Figure 2 ORFV is taken up by professional APCs via macropinocytosis. (A) Macrophages (MΦ) and DCs were treated with 20 µM cytochalasin D or left untreated. After infection with V-D12-Cherry (MOI 5.0, 24 h) the level of mCherry expression was measured using flow cytometry. The percentage of positive cells is indicated. (B) Macrophages and DCs were treated with 3 µM rottlerin or left untreated. After infection with V-D12-Cherry (MOI 5.0, 24 h) mCherry expression was measured using flow cytometry. The percentage of positive cells is indicated. (C) Immature DCs and LPS-matured DCs were infected with V-D12-Cherry (MOI 5.0, 24 h). The percentage of mCherry+ cells was determined using flow cytometry. Of note: cells of different donors were used for experiments shown in (A–C). Data represent mean ± SD of biological replicates. Statistical differences are shown (paired t-test). **P < 0.01; ***P < 0.001.

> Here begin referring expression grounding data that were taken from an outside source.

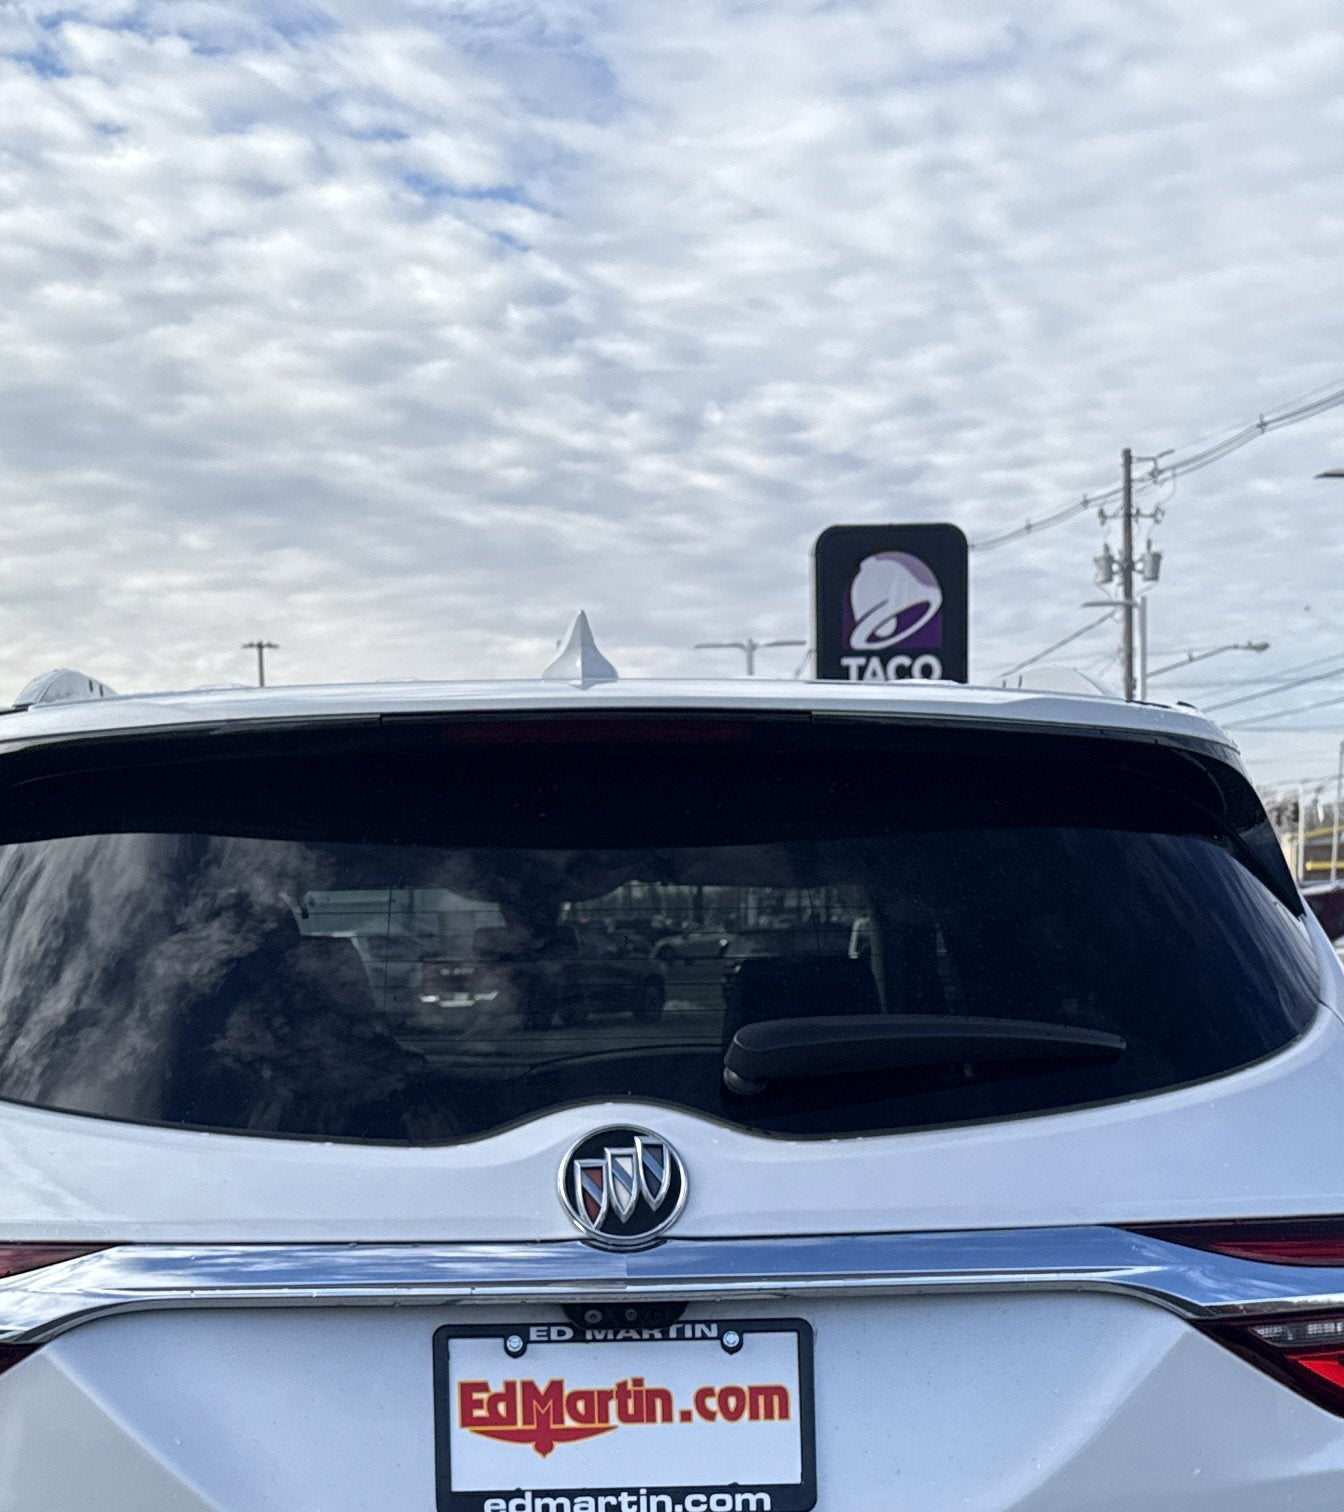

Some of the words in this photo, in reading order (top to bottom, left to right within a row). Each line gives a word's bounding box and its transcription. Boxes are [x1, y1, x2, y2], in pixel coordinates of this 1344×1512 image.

[840, 655, 943, 681] TACO
[529, 1326, 574, 1341] ED
[585, 1323, 719, 1341] MARTIN
[457, 1377, 791, 1442] EdMartin.com
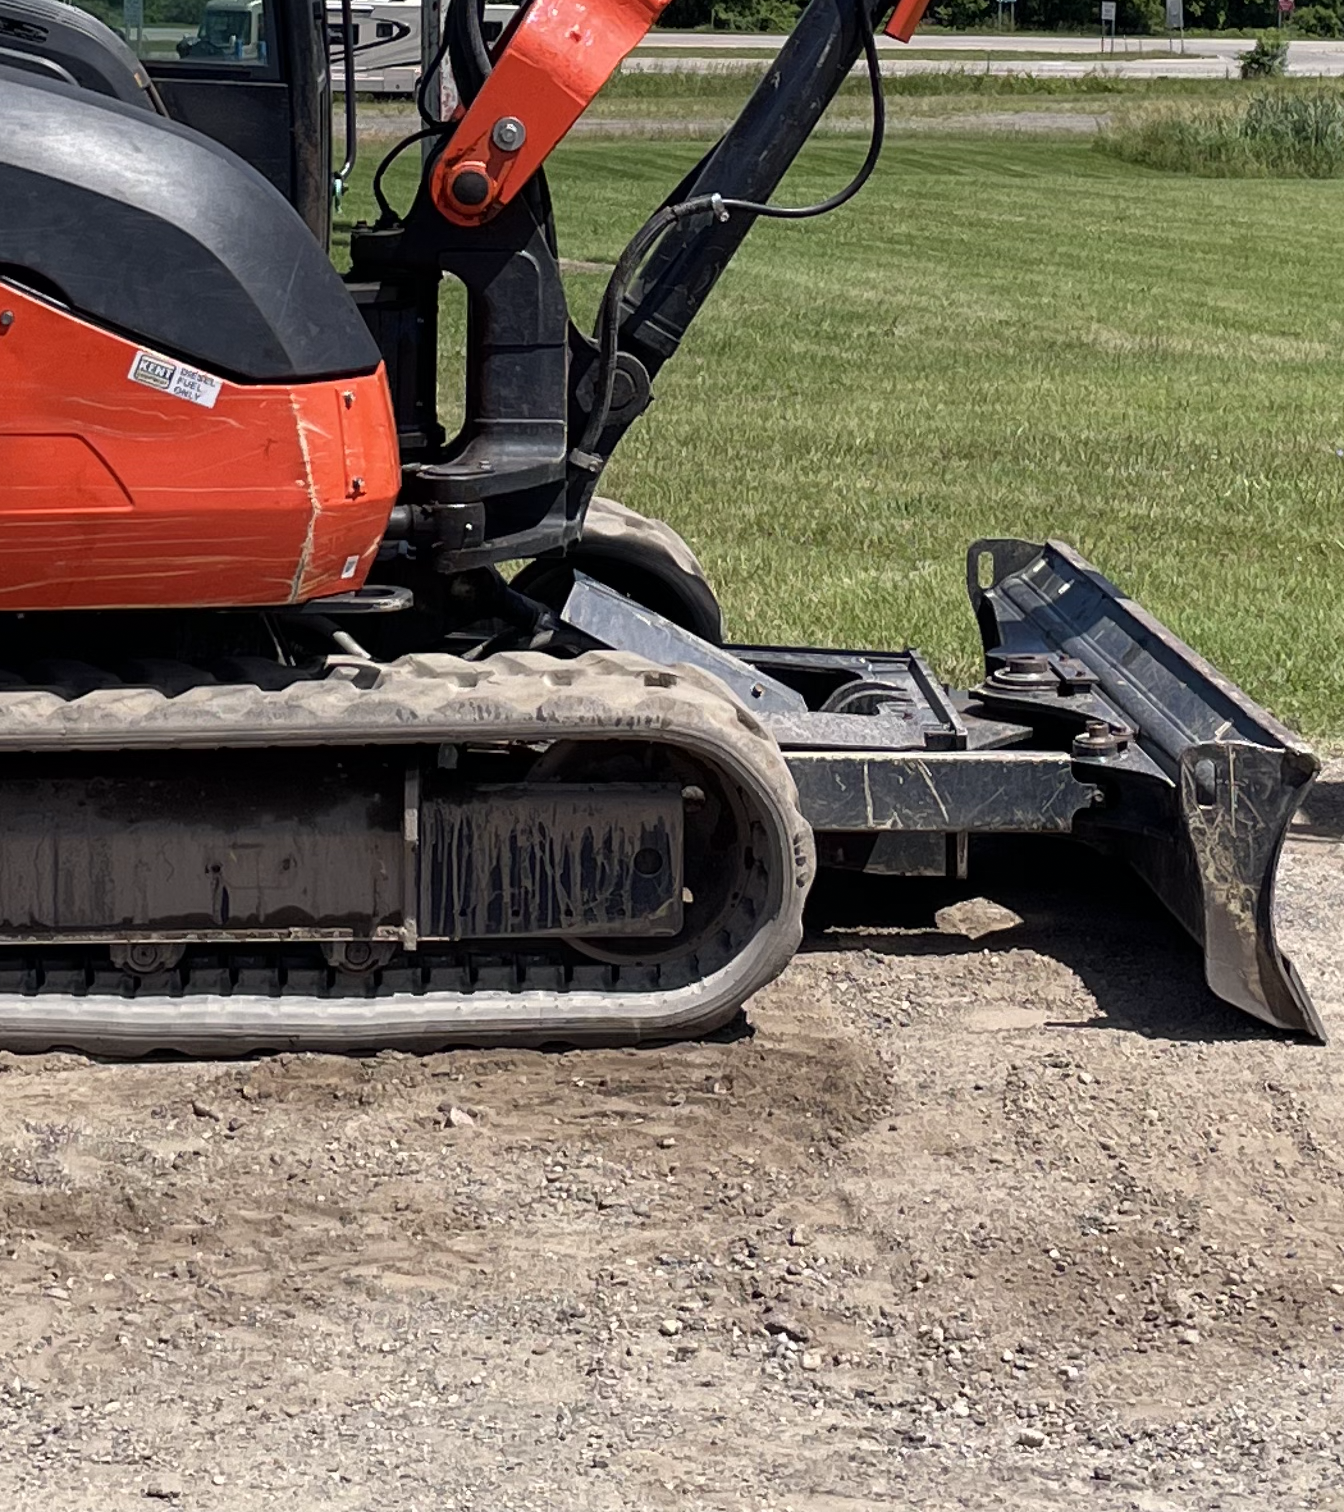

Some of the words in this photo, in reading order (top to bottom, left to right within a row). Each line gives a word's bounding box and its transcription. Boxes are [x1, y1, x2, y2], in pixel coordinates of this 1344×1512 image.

[140, 359, 174, 379] KENT
[181, 367, 216, 387] DIESEL
[176, 377, 202, 393] FUEL

To differentiate an uptake via phagocytosis from macropinocytosis, the cells were treated with the protein kinase C delta inhibitor rottlerin that specifically inhibits macropinocytosis at low concentrations (20, 21). The infection rate in DCs after treatment was significantly reduced compared to controls (p < 0.001), however, a baseline infection was discernible in the latter (Figure 2B), confirming that ORFV mainly enters DCs via macropinocytosis. Respective findings could also be shown in macrophages (Figure 2B).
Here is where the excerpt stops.